Late that year Auschwitz’s blocks and streets began to thin out as prisoners were transferred to camps in Germany. Some of the most hated guards left too, among them Irma Grese, the farmer’s daughter who had trained at Ravensbrück and risen to the post of chief woman guard at Birkenau. Now Grese and several of her Ravensbrück cohort were reassigned to Belsen.

With fewer guards, Maria Rundo, a Polish student, recalled an ‘idyllic period’ in Auschwitz in late autumn when the prisoners had more freedom of movement and were left to some extent to their own devices. The weak, old and sick went to the former Gypsy camp, where Maria found work as a nurse. ‘We were saving the sick with our own hands; we cooked soup for them, bathed and combed them, deloused them.’ Here babies were even born and could be looked after.
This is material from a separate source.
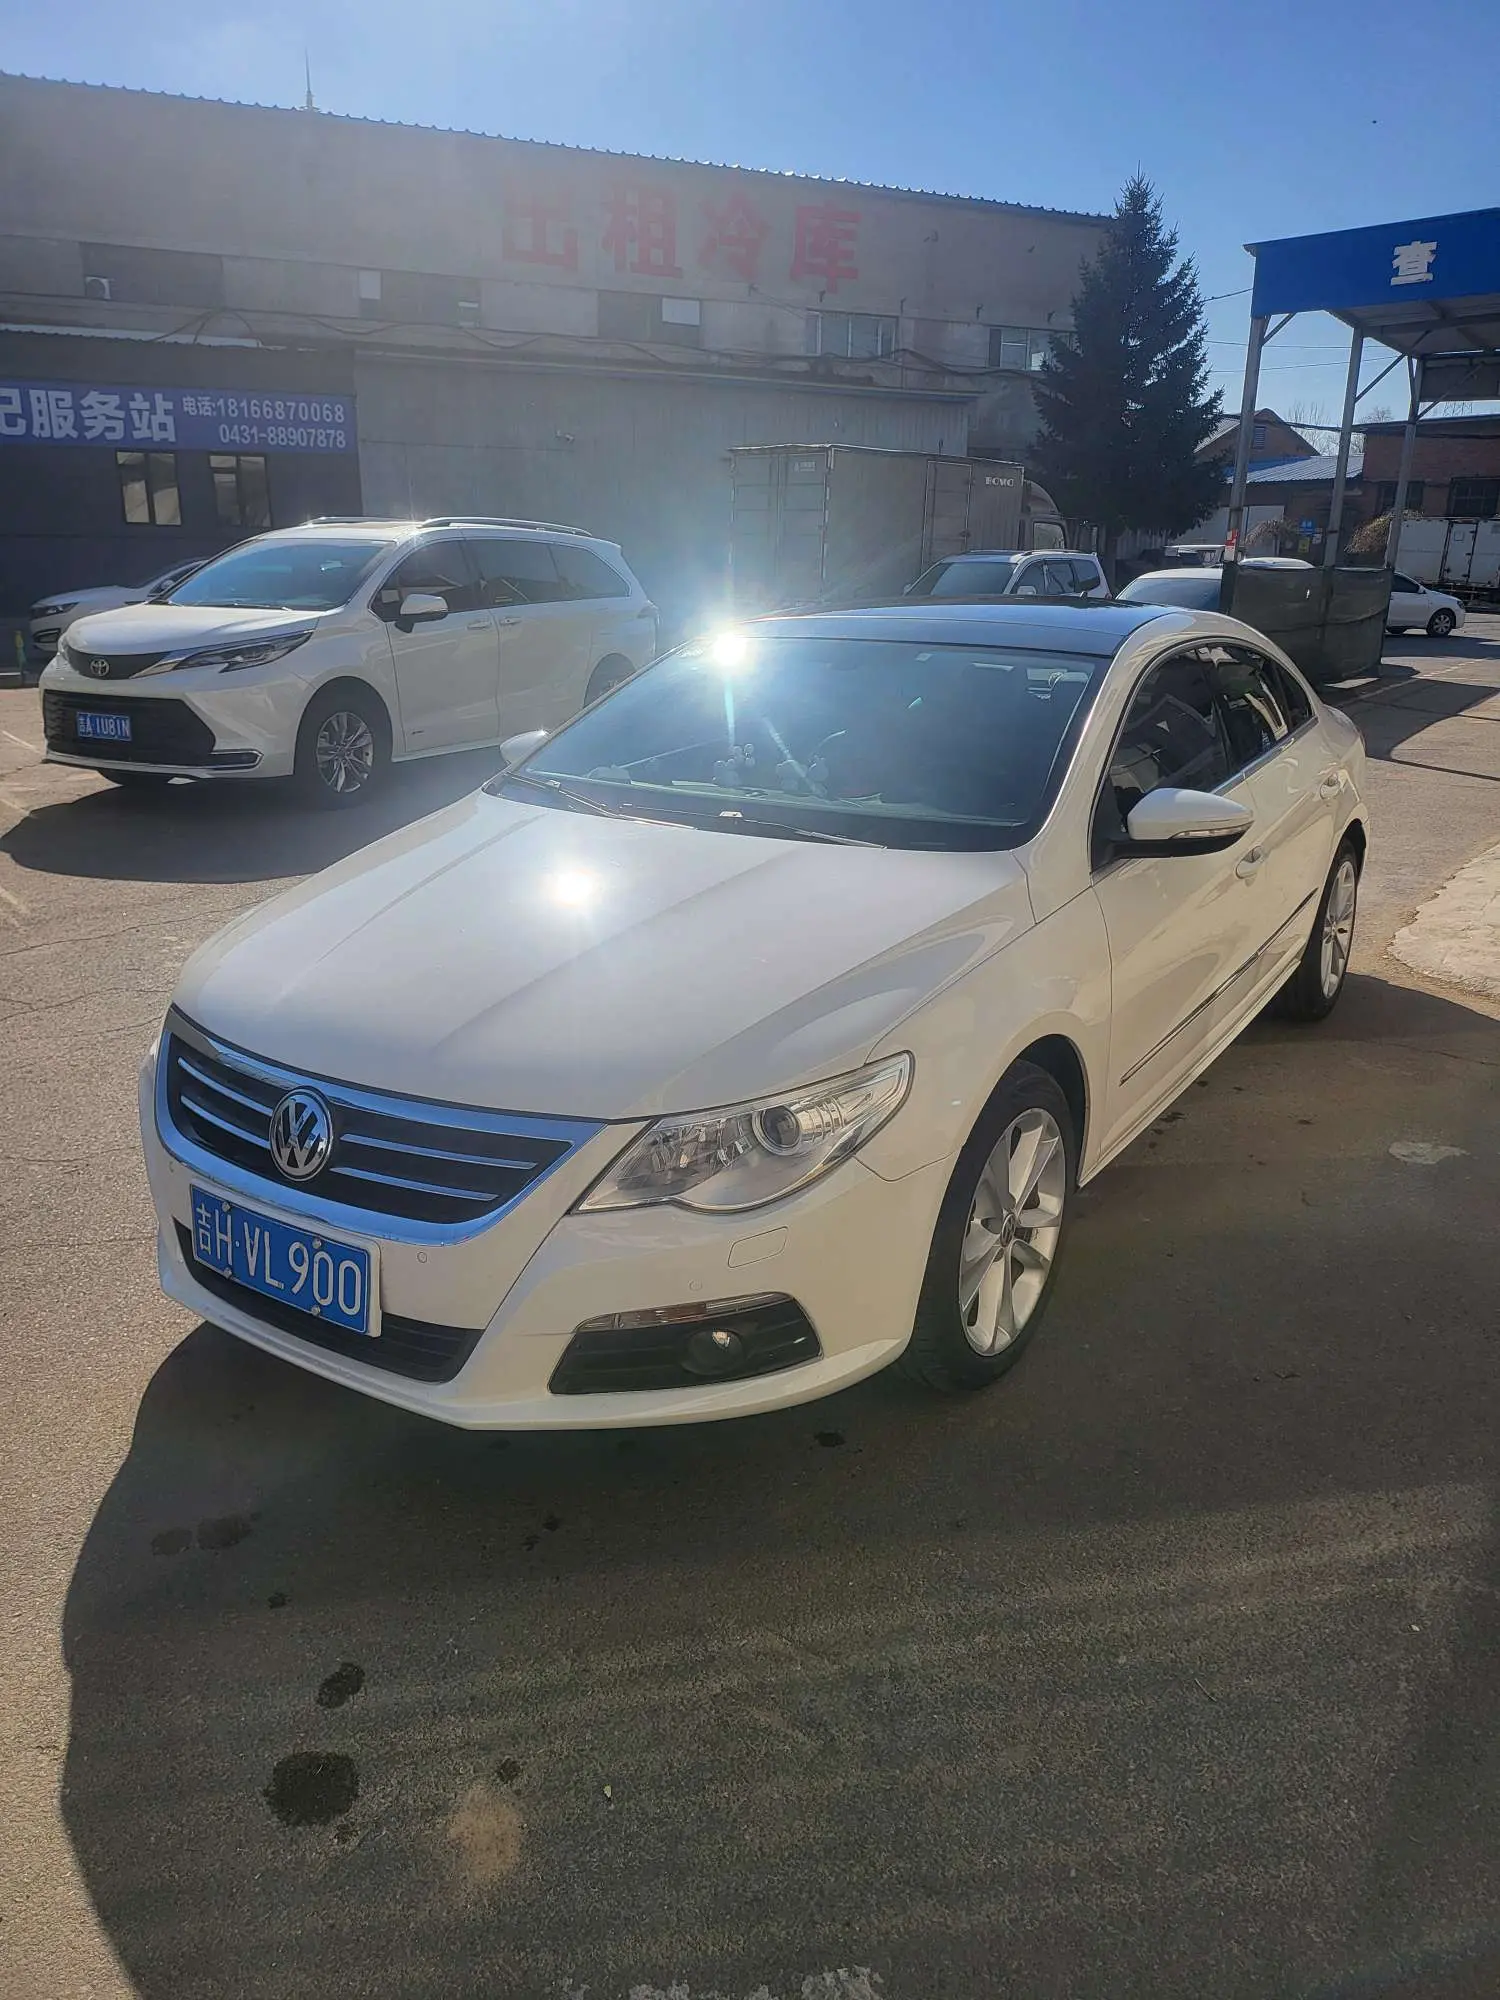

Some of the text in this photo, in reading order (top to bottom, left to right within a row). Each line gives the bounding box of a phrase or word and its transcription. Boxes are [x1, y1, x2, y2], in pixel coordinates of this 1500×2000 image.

[502, 184, 862, 295] 出租冷库
[219, 424, 347, 449] 0431-88907878
The divisions between Jews and non-Jews began to relax. A Polish-Jewish doctor, Alina Brewda, recalled being sent to live in a mixed block of Jews and ‘Aryans’. ‘It had been a strict rule that we be kept separate, but now we were living together.’ The brothels closed down and one of the prostitutes asked Alina to treat her, as she was dying. In return she gave Alina a knitted black dress, felt shoes and a warm jacket, which served her well on the coming march.
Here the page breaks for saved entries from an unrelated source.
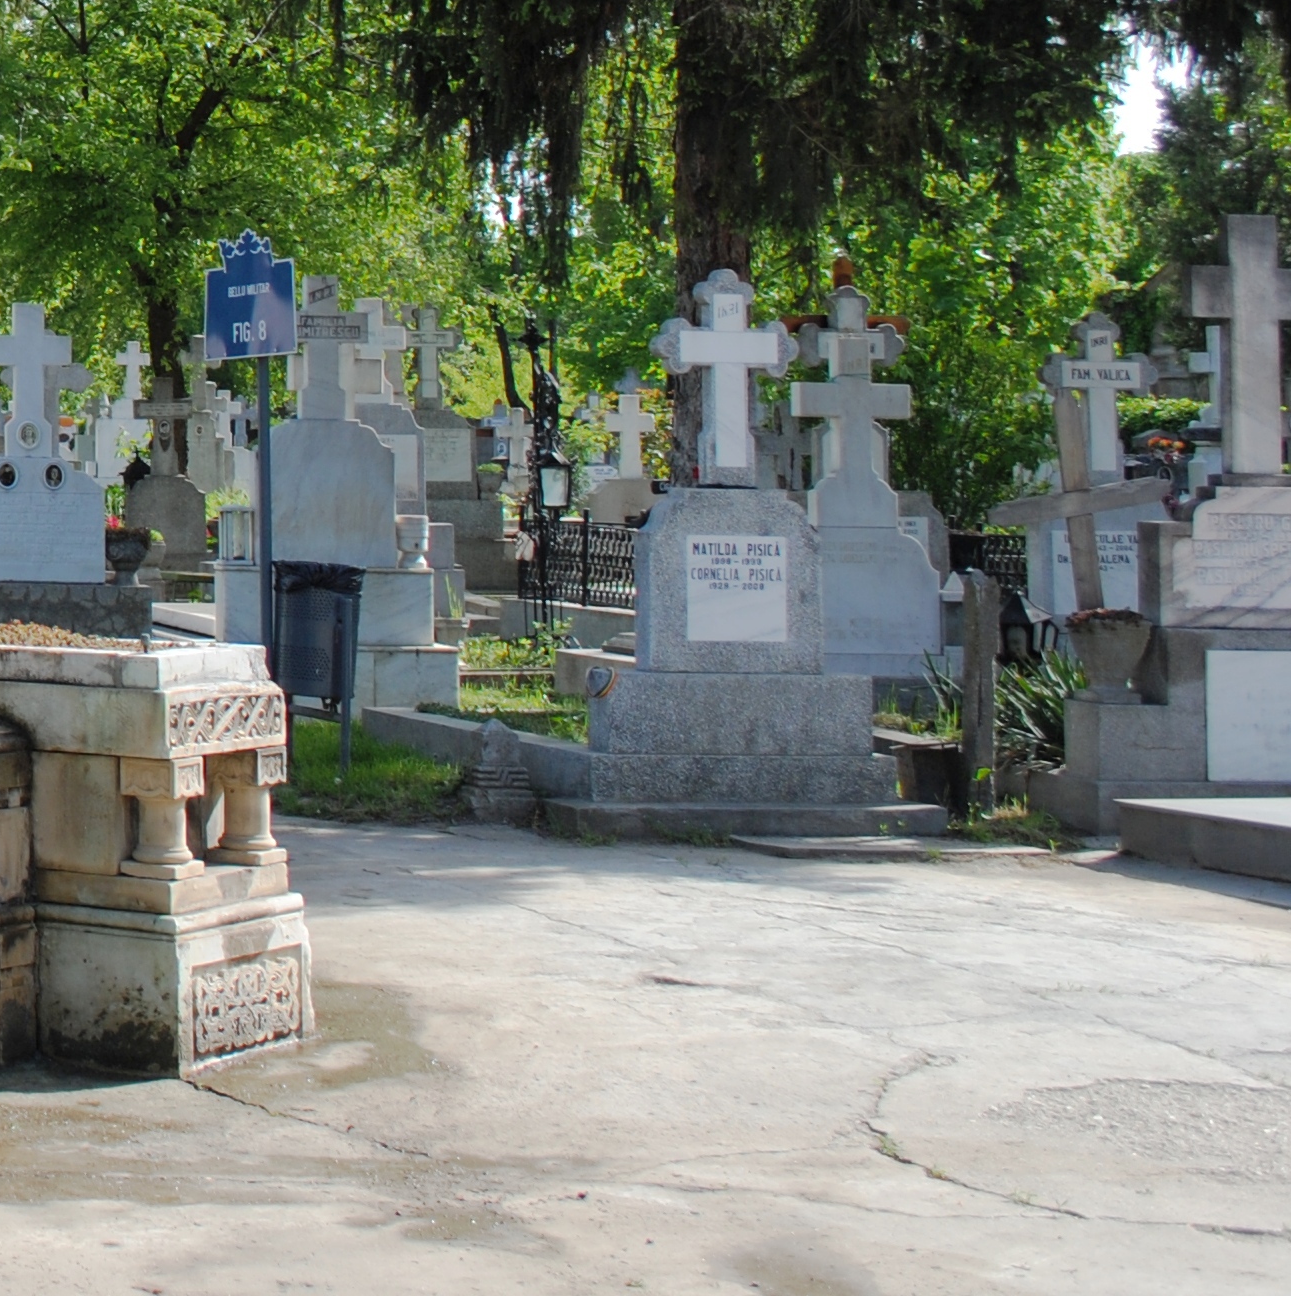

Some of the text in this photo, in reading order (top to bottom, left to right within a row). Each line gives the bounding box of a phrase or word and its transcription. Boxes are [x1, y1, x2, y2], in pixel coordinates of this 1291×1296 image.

[247, 282, 270, 296] MILITAR
[232, 319, 267, 344] FIG. 8
[1071, 368, 1131, 381] FAM. VALICA
[692, 542, 738, 556] MATILDA
[690, 567, 740, 580] CORNELIA
In January 1945, with the Russians just a few days from Auschwitz, the SS began to prepare frantically for the evacuation. It soon became clear that anyone fit enough to walk was to be forced on the march, but anyone too weak was to be killed. As the moment came the guards began to cull the sick and dying by shooting. They also prepared to blow up the camp. Lydia Vago, who had fallen ill, was in the sickbay and she remembered a nurse shouting at her to get out now. Lydia left the
Revier
, and as she walked away she saw a truck arrive to take those too feeble to move, to be shot.

On 18 January work continued normally, including construction of a new block. As night fell, the call came to clear out. Maria Rundo remembered a total blackout in the hospital where she worked, and then the lights came back on and an SS man ordered the nurses to collect all the cards of the sick, which he took away. On the Lagerstrasse people shouted that all those able to march should return to their blocks, as the evacuation was to start. It was snowing, and as prisoners ran back to the blocks those too sick to march
panicked. ‘There was no doubt about their fate, as the SS would not let the sick be liberated,’ said Lydia Vago.

Some didn’t want to leave, hoping to greet their Soviet liberators. Alina Brewda, the Jewish doctor, hid with the sick, but an SS officer found her and threw her out. Some made for the clothes stores and collected whatever they could for warmth – blankets, coats, sweaters. Allegra, the girl from Thessaloniki, was on the night shift at the factory when the call came. She had no time to eat or get warm clothes and went straight to the line now gathering at the gate. Lydia Vago found time to get into the pharmacy of the small factory
Revier
and put aspirins and bandages into her small bag made of blue-grey uniform cloth. She and her sister Aniko carried extra clothes and blankets strung in bundles on their backs, the string clasped tight in their hands.